_Exercise directions_.
Could you copy the data that follows exactly as written, but drop the pictures?

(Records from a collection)
══════════
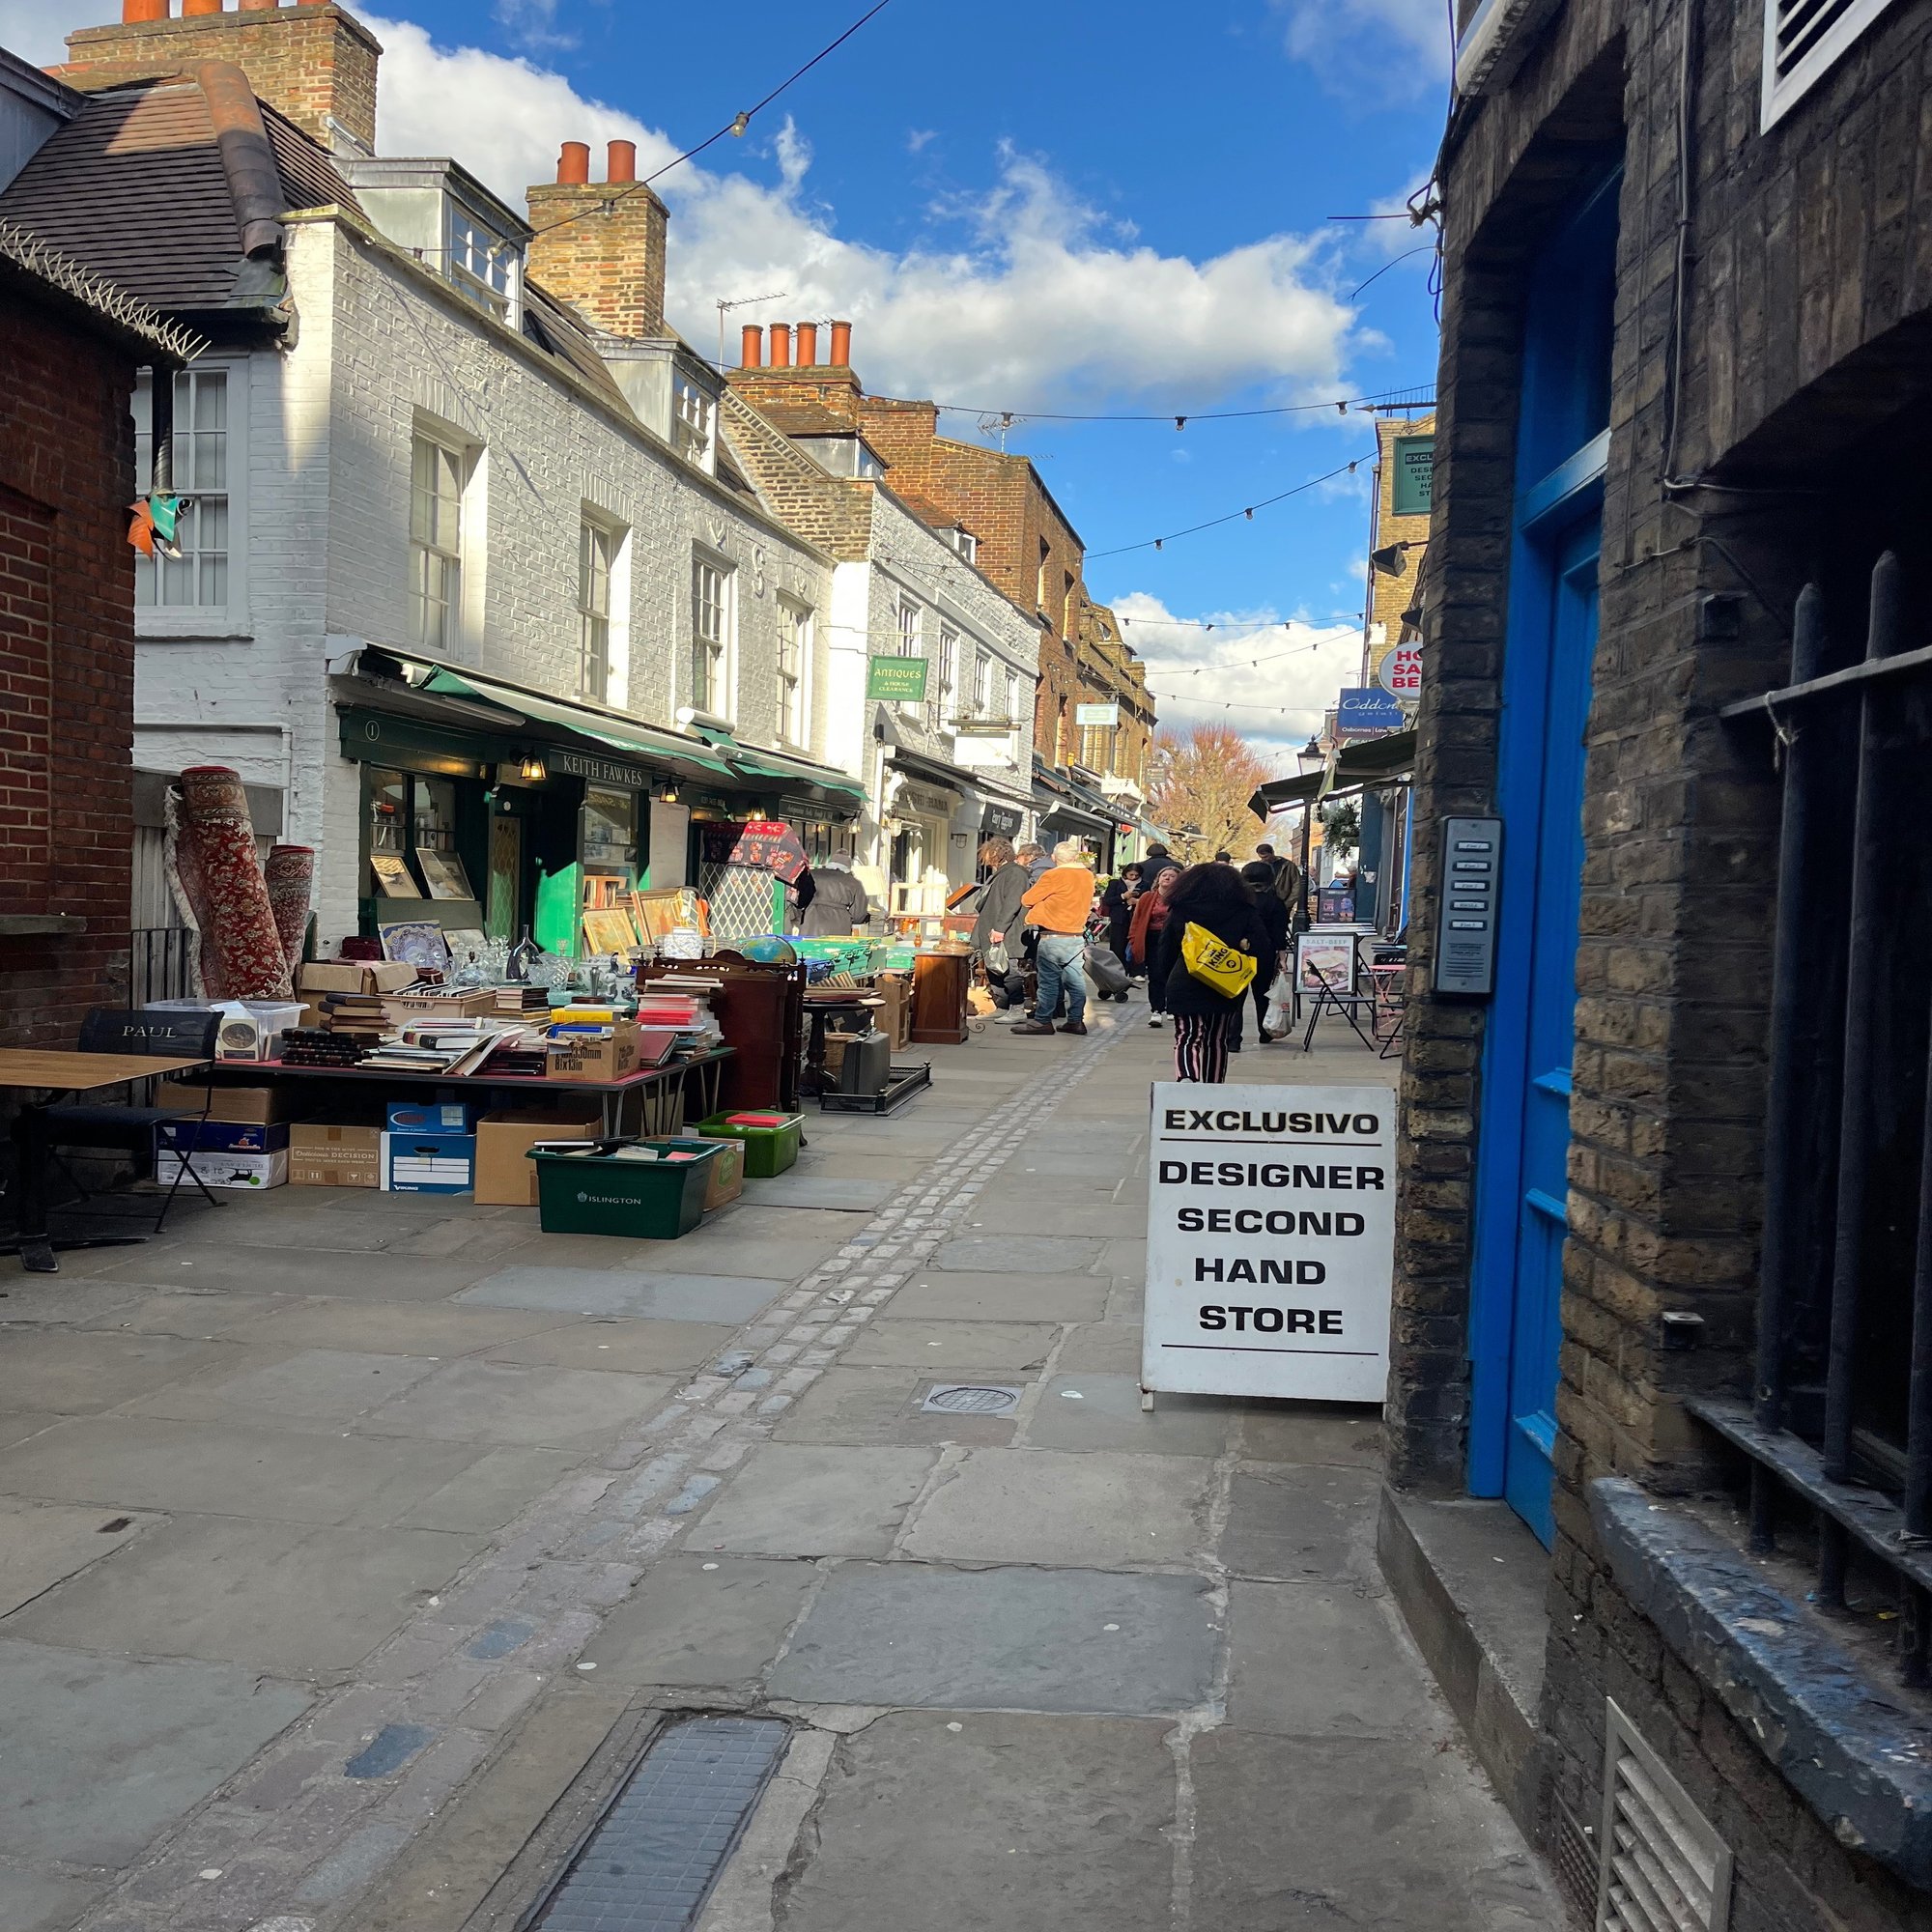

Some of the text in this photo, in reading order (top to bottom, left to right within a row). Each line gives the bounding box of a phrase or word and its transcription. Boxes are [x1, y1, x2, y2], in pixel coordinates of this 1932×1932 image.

[874, 668, 922, 679] ANTIQUES
[1393, 664, 1421, 675] SA
[1392, 677, 1419, 688] BE
[563, 754, 643, 786] KEITH FAWKES
[1208, 948, 1230, 967] KING
[122, 1025, 178, 1038] PAUL
[1165, 1110, 1379, 1134] EXCLUSIVO
[295, 1150, 329, 1158] Delicious
[1159, 1160, 1385, 1190] DESIGNER
[588, 1195, 641, 1205] ISLINGTON
[1178, 1208, 1365, 1236] SECOND
[1195, 1258, 1326, 1285] HAND
[1199, 1305, 1344, 1335] STORE
══════════
_Written answer_.
Some of the text in this photo, in reading order (top to bottom, left to right within a row). Each line gives the bounding box of a phrase or word and its transcription. Boxes are [x1, y1, x2, y2], in pixel coordinates of this 1932×1932 image.

[874, 668, 922, 679] ANTIQUES
[1393, 664, 1421, 675] SA
[1392, 677, 1419, 688] BE
[563, 754, 643, 786] KEITH FAWKES
[1208, 948, 1230, 967] KING
[122, 1025, 178, 1038] PAUL
[1165, 1110, 1379, 1134] EXCLUSIVO
[295, 1150, 329, 1158] Delicious
[1159, 1160, 1385, 1190] DESIGNER
[588, 1195, 641, 1205] ISLINGTON
[1178, 1208, 1365, 1236] SECOND
[1195, 1258, 1326, 1285] HAND
[1199, 1305, 1344, 1335] STORE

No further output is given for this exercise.